A layered framework for immune function
Immune responses succeed when tissue surveillance, recruitment, and effector execution remain coordinated. Disease emerges when that architecture breaks down, and therapies often fail when they target the final effector layer without restoring the systems beneath it.
Modern immunology often describes immune responses by their parts: targets, pathways, cytokines, checkpoints, and effector cells. Immune Architecture asks a different question: how are these modules organized spatiotemporally during a normal immune response?
The framework proposes that immunity operates in layers. Foundational tissue surveillance and repair systems support recruitment and coordination, which in turn support adaptive effector function and memory.
This matters because efficient immune responses require ordered propagation across layers. Many therapies address function at the effector layer without restoring the supportive signals and tissue states that underlie durable immune control.
"Immune responses unfold in the same order immunity evolved."
Unlike geology, all immune layers remain active simultaneously. They do not replace each other. They relay — each dependent on the integrity of what lies beneath.
The architecture of immunity is not only evolutionary. It is operational. During an immune response, activation proceeds through the layers in the same order they emerged evolutionarily.
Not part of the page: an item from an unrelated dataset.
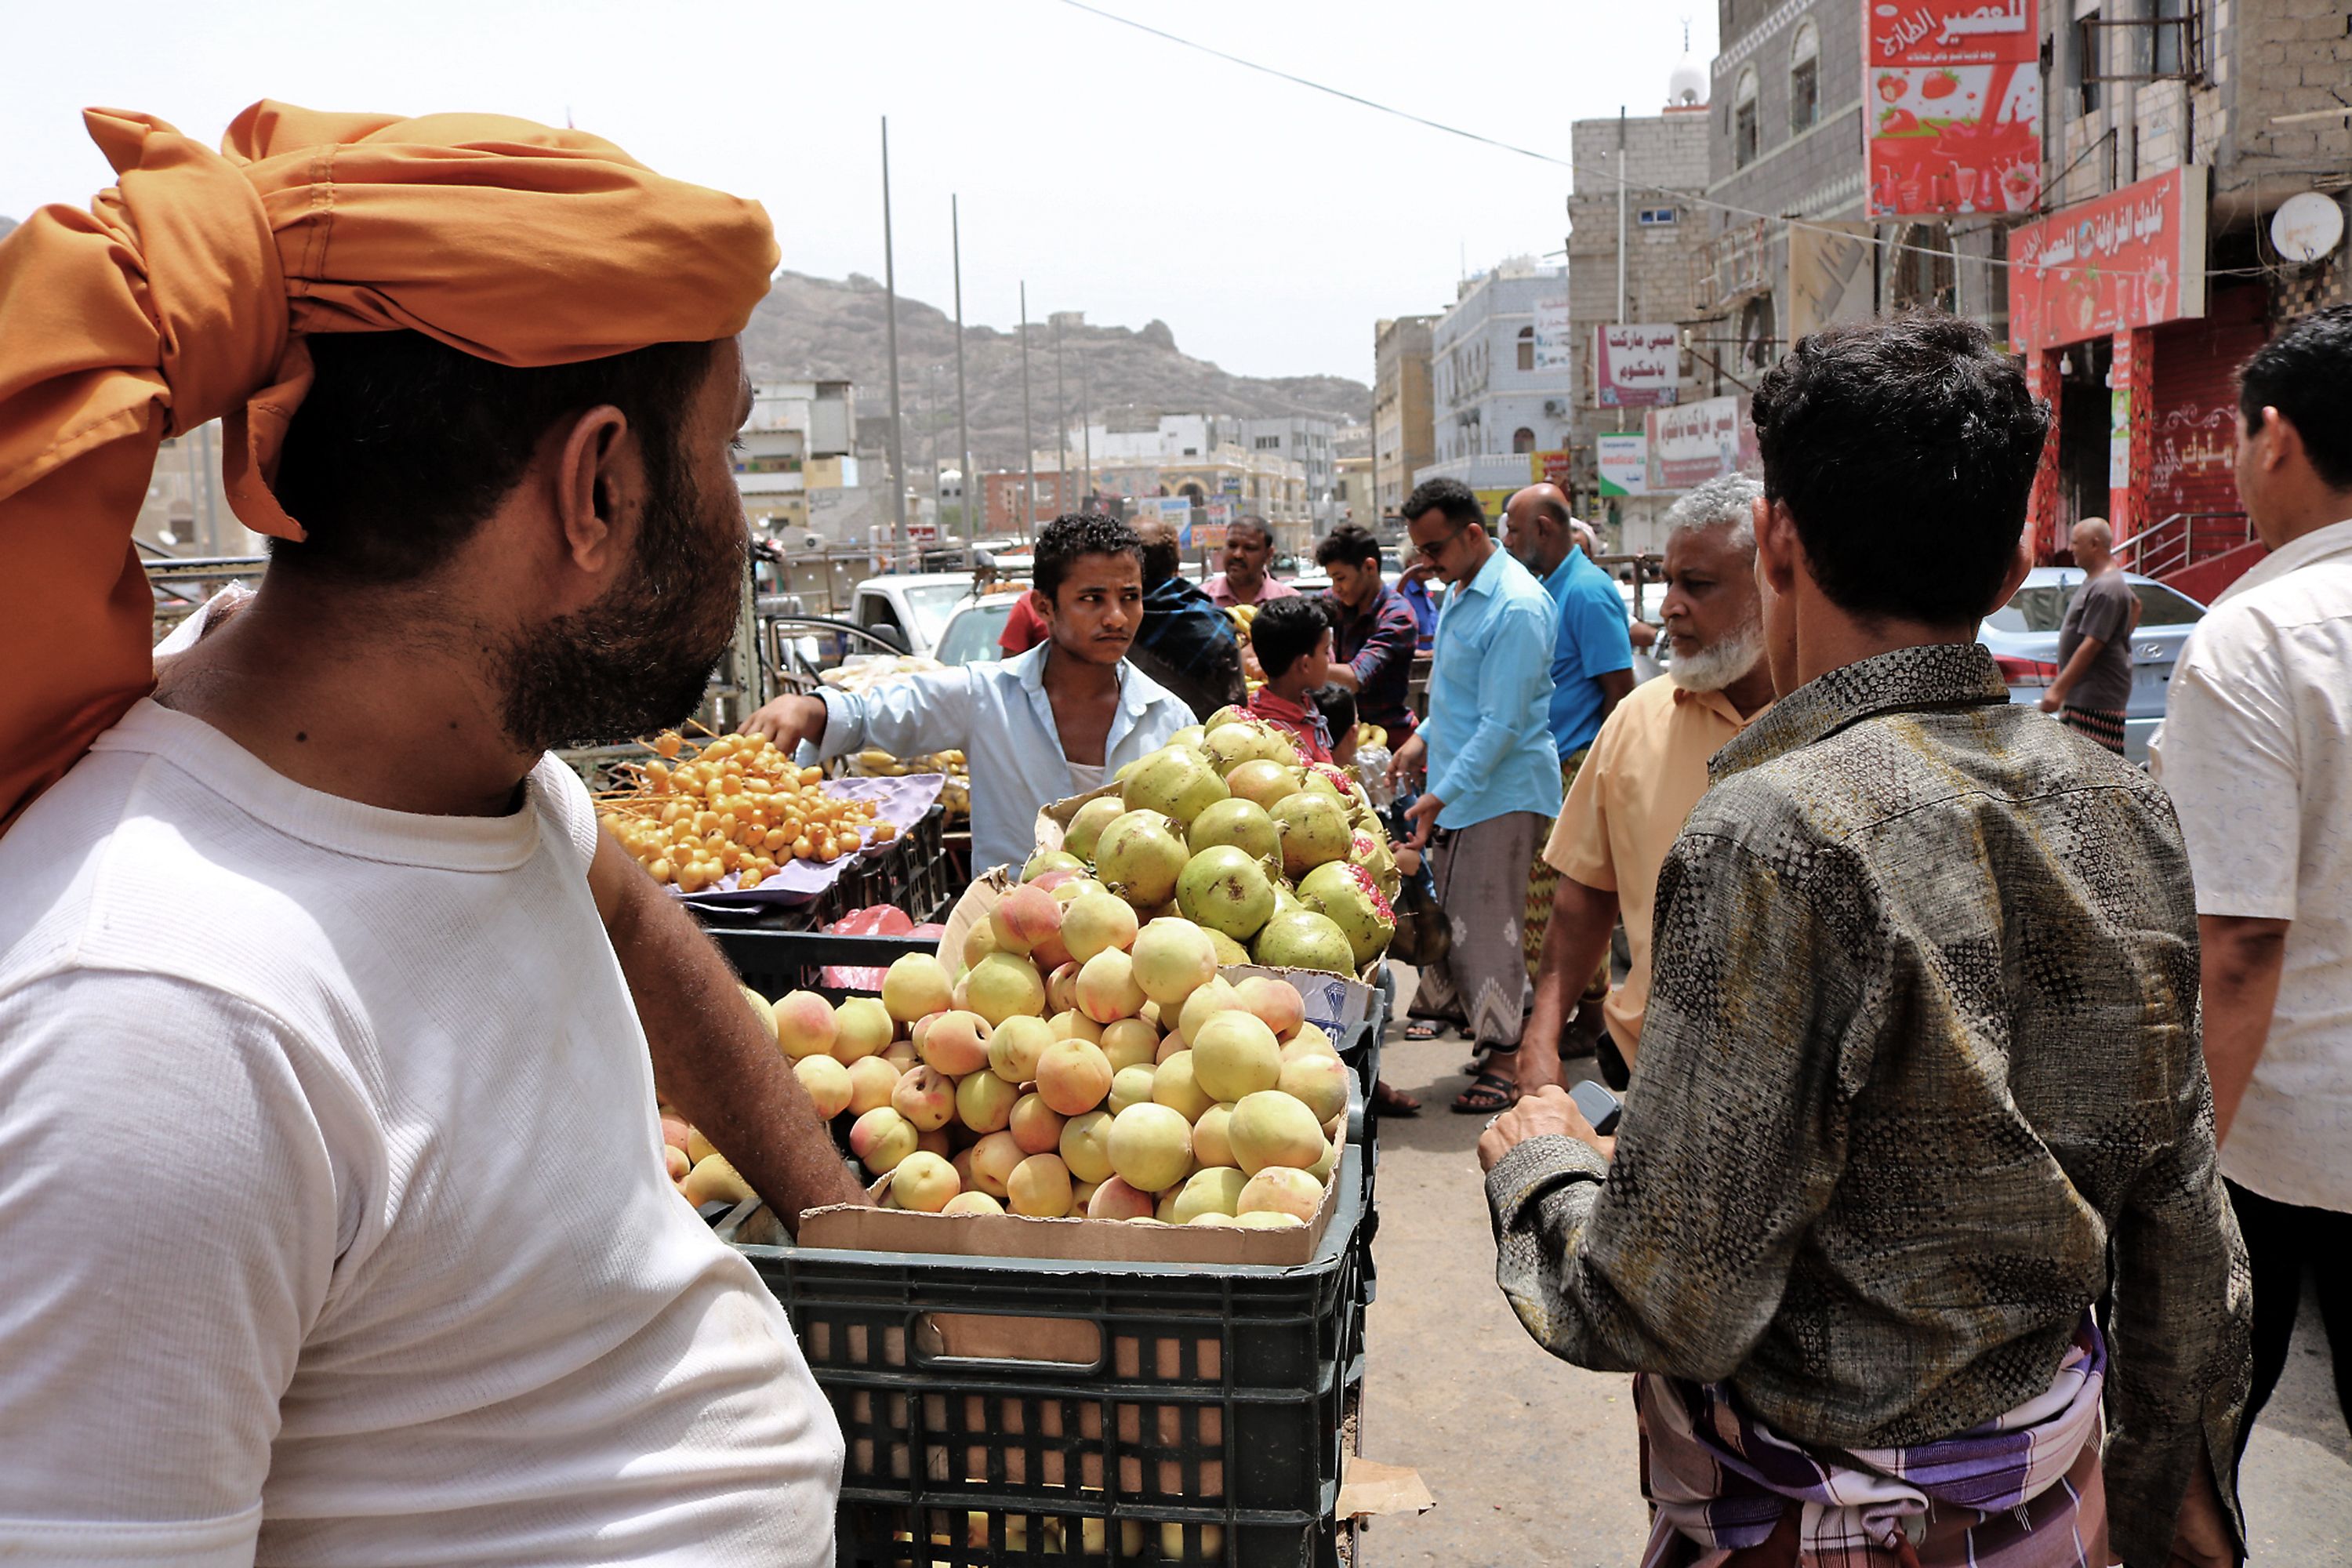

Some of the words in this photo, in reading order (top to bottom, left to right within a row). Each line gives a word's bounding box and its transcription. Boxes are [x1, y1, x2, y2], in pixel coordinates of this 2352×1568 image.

Ancient tissue and cell-intrinsic defense programs react first. More recently evolved systems are recruited later, escalating the response toward adaptive specialization, effector selection, and memory.
Immediate tissue sensing and local immune response. Ancient defense systems detect disruption and initiate rapid protective programs.
Local alarm signals mobilize broader immune participation across tissues, turning local detection into coordinated effector immunity.
Adaptive effector selection and immunological memory refine future responses through specialization, persistence, and recall.
Scroll to deposit each layer — foundational tissue defense first, adaptive execution last. The model highlights why Layer 3 therapies often require intact Layer 1 and Layer 2 support.
Each layer contributes to four core functions. Disease can arise when any one function is overactive, underactive, spatially misplaced, or poorly relayed to the next layer. This makes the framework useful not only as a map of immune evolution, but as a way to interpret pathology and therapeutic opportunity.
Natural killer cell — scanning electron microscopy · NIAID / NIH · Free to use under Unsplash License
Detect and destroy pathogens, damaged cells, and aberrant tissue. The most ancient imperative.
Repair structural damage and restore tissue homeostasis after a response has run its course.
Calibrate the magnitude, specificity, and duration of the response to match the threat.
Terminate active responses and return the system to baseline. Requires successful escalation through higher layers; failure here drives chronic inflammation and fibrotic disease.
Scientific consultant with a background spanning human evolutionary biology, developmental immunology, and immuno-oncology drug development. The layered immunity framework emerged from two decades of work at the intersection of basic immune biology and translational medicine — an attempt to build a unified architecture that is both mechanistically rigorous and clinically actionable.
Previously Senior Director of Immunology at a clinical-stage biotechnology company, where he led the development of novel immunological therapeutics from concept to IND. Now working independently through BCH Consulting, providing target prioritization, disease area strategy, and scientific advisory services to biotech and pharma.
Author of peer-reviewed publications in developmental immunology, translational medicine, and tumor immunology. Named inventor on granted patents in oncology.
Checkpoint inhibitors, targeted therapies, ADCs, and T-cell redirectors can produce profound responses, but many depend on a permissive immune environment. When tumors are immune-excluded, myeloid-dominated, fibrotic, or spatially disorganized, Layer 3 pressure alone may be insufficient.
Immune Architecture reframes these failures as breakdowns in tissue surveillance, recruitment, coordination, or relay. The opportunity is to pair effector therapies with interventions that rebuild the conditions required for durable immunity.
Failures become diagnosable. Cold tumors, chronic inflammation, fibrosis, and autoimmunity can be interpreted as breakdowns in specific layer functions or relay points.
Therapeutic strategy becomes layered. Understanding the cause of immune dysfunction in the context of the layer in which it operates assists the rational selection of disease-relevant therapeutic targets.
Combination logic becomes clearer. Layer 3 therapies may work best when paired with approaches that restore Layer 1 surveillance and Layer 2 recruitment.
The model generates predictions. Spatial biology, immune phenotyping, and tissue-state biomarkers can test whether architectural restoration improves response depth and durability.
Immune Architecture is being developed as a scientific and translational framework for interpreting immune dysfunction, prioritizing targets, and designing more durable therapeutic strategies in oncology, autoimmunity, and chronic inflammatory disease.